(Dataset entries)
● ● ● ● ●

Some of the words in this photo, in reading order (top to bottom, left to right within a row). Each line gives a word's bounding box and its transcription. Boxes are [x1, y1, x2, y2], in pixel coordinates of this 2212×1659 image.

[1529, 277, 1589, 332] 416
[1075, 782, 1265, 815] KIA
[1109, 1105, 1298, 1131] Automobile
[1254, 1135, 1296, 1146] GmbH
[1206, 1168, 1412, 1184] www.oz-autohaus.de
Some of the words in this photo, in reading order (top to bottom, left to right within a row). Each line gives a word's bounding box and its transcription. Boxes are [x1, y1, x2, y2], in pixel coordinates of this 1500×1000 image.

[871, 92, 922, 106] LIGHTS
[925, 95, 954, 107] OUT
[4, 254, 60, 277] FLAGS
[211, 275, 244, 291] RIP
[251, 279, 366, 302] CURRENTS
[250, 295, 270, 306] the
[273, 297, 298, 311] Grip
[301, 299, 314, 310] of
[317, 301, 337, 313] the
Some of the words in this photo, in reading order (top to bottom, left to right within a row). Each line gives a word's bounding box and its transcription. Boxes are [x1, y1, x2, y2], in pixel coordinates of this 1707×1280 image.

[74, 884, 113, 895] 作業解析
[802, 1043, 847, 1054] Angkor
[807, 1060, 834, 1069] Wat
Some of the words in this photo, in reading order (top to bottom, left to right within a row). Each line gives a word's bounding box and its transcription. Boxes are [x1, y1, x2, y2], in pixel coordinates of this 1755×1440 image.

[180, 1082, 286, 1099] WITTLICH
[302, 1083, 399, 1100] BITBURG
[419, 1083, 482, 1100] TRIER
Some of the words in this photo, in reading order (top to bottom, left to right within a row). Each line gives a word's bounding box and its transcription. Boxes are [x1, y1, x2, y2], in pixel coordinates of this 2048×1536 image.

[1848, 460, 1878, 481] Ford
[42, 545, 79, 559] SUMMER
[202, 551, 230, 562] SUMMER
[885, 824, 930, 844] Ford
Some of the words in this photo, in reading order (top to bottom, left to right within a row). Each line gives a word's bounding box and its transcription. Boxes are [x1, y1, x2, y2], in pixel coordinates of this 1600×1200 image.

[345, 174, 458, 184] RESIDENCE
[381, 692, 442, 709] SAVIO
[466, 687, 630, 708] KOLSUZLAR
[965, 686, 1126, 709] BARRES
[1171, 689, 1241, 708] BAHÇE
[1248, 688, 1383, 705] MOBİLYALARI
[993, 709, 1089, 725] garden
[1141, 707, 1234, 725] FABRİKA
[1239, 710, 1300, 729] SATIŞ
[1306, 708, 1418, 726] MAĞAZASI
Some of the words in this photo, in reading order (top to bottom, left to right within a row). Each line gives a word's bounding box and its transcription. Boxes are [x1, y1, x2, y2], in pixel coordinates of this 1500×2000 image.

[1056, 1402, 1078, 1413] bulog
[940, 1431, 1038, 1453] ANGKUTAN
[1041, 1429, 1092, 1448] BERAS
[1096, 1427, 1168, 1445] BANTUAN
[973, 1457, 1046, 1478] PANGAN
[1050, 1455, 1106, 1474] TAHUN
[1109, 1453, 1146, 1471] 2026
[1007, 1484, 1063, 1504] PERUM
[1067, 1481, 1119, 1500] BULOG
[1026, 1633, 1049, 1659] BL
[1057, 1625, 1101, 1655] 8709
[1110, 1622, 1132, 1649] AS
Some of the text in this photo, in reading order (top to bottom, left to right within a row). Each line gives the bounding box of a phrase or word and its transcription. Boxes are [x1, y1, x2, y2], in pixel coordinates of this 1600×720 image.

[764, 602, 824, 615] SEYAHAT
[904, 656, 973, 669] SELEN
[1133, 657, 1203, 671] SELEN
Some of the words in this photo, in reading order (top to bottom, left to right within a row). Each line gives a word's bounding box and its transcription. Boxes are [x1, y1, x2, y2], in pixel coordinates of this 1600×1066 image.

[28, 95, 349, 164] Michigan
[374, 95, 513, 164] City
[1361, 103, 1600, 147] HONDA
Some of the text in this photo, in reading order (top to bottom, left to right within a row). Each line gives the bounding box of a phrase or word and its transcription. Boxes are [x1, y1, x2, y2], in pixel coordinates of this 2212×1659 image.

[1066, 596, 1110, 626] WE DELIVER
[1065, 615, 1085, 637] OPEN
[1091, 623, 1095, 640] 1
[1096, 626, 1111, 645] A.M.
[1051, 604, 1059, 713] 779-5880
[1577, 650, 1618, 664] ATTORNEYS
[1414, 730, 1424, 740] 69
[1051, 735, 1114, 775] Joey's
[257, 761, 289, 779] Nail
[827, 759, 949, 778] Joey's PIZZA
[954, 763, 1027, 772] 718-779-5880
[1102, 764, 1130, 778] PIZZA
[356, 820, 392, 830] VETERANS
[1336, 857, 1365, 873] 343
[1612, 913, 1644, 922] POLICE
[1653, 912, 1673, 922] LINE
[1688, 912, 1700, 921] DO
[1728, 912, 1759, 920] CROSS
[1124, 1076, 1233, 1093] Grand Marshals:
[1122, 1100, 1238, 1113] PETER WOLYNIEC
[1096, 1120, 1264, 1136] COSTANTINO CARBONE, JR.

● ● ● ● ●

- _Work item_
Print the data in full. Match it exactly.

- _Exercise answer_
Some of the words in this photo, in reading order (top to bottom, left to right within a row). Each line gives a word's bounding box and its transcription. Boxes are [x1, y1, x2, y2], in pixel coordinates of this 2212×1659 image.

[1529, 277, 1589, 332] 416
[1075, 782, 1265, 815] KIA
[1109, 1105, 1298, 1131] Automobile
[1254, 1135, 1296, 1146] GmbH
[1206, 1168, 1412, 1184] www.oz-autohaus.de
Some of the words in this photo, in reading order (top to bottom, left to right within a row). Each line gives a word's bounding box and its transcription. Boxes are [x1, y1, x2, y2], in pixel coordinates of this 1500×1000 image.

[871, 92, 922, 106] LIGHTS
[925, 95, 954, 107] OUT
[4, 254, 60, 277] FLAGS
[211, 275, 244, 291] RIP
[251, 279, 366, 302] CURRENTS
[250, 295, 270, 306] the
[273, 297, 298, 311] Grip
[301, 299, 314, 310] of
[317, 301, 337, 313] the
Some of the words in this photo, in reading order (top to bottom, left to right within a row). Each line gives a word's bounding box and its transcription. Boxes are [x1, y1, x2, y2], in pixel coordinates of this 1707×1280 image.

[74, 884, 113, 895] 作業解析
[802, 1043, 847, 1054] Angkor
[807, 1060, 834, 1069] Wat
Some of the words in this photo, in reading order (top to bottom, left to right within a row). Each line gives a word's bounding box and its transcription. Boxes are [x1, y1, x2, y2], in pixel coordinates of this 1755×1440 image.

[180, 1082, 286, 1099] WITTLICH
[302, 1083, 399, 1100] BITBURG
[419, 1083, 482, 1100] TRIER
Some of the words in this photo, in reading order (top to bottom, left to right within a row). Each line gives a word's bounding box and its transcription. Boxes are [x1, y1, x2, y2], in pixel coordinates of this 2048×1536 image.

[1848, 460, 1878, 481] Ford
[42, 545, 79, 559] SUMMER
[202, 551, 230, 562] SUMMER
[885, 824, 930, 844] Ford
Some of the words in this photo, in reading order (top to bottom, left to right within a row). Each line gives a word's bounding box and its transcription. Boxes are [x1, y1, x2, y2], in pixel coordinates of this 1600×1200 image.

[345, 174, 458, 184] RESIDENCE
[381, 692, 442, 709] SAVIO
[466, 687, 630, 708] KOLSUZLAR
[965, 686, 1126, 709] BARRES
[1171, 689, 1241, 708] BAHÇE
[1248, 688, 1383, 705] MOBİLYALARI
[993, 709, 1089, 725] garden
[1141, 707, 1234, 725] FABRİKA
[1239, 710, 1300, 729] SATIŞ
[1306, 708, 1418, 726] MAĞAZASI
Some of the words in this photo, in reading order (top to bottom, left to right within a row). Each line gives a word's bounding box and its transcription. Boxes are [x1, y1, x2, y2], in pixel coordinates of this 1500×2000 image.

[1056, 1402, 1078, 1413] bulog
[940, 1431, 1038, 1453] ANGKUTAN
[1041, 1429, 1092, 1448] BERAS
[1096, 1427, 1168, 1445] BANTUAN
[973, 1457, 1046, 1478] PANGAN
[1050, 1455, 1106, 1474] TAHUN
[1109, 1453, 1146, 1471] 2026
[1007, 1484, 1063, 1504] PERUM
[1067, 1481, 1119, 1500] BULOG
[1026, 1633, 1049, 1659] BL
[1057, 1625, 1101, 1655] 8709
[1110, 1622, 1132, 1649] AS
Some of the text in this photo, in reading order (top to bottom, left to right within a row). Each line gives the bounding box of a phrase or word and its transcription. Boxes are [x1, y1, x2, y2], in pixel coordinates of this 1600×720 image.

[764, 602, 824, 615] SEYAHAT
[904, 656, 973, 669] SELEN
[1133, 657, 1203, 671] SELEN
Some of the words in this photo, in reading order (top to bottom, left to right within a row). Each line gives a word's bounding box and its transcription. Boxes are [x1, y1, x2, y2], in pixel coordinates of this 1600×1066 image.

[28, 95, 349, 164] Michigan
[374, 95, 513, 164] City
[1361, 103, 1600, 147] HONDA
Some of the text in this photo, in reading order (top to bottom, left to right within a row). Each line gives the bounding box of a phrase or word and its transcription. Boxes are [x1, y1, x2, y2], in pixel coordinates of this 2212×1659 image.

[1066, 596, 1110, 626] WE DELIVER
[1065, 615, 1085, 637] OPEN
[1091, 623, 1095, 640] 1
[1096, 626, 1111, 645] A.M.
[1051, 604, 1059, 713] 779-5880
[1577, 650, 1618, 664] ATTORNEYS
[1414, 730, 1424, 740] 69
[1051, 735, 1114, 775] Joey's
[257, 761, 289, 779] Nail
[827, 759, 949, 778] Joey's PIZZA
[954, 763, 1027, 772] 718-779-5880
[1102, 764, 1130, 778] PIZZA
[356, 820, 392, 830] VETERANS
[1336, 857, 1365, 873] 343
[1612, 913, 1644, 922] POLICE
[1653, 912, 1673, 922] LINE
[1688, 912, 1700, 921] DO
[1728, 912, 1759, 920] CROSS
[1124, 1076, 1233, 1093] Grand Marshals:
[1122, 1100, 1238, 1113] PETER WOLYNIEC
[1096, 1120, 1264, 1136] COSTANTINO CARBONE, JR.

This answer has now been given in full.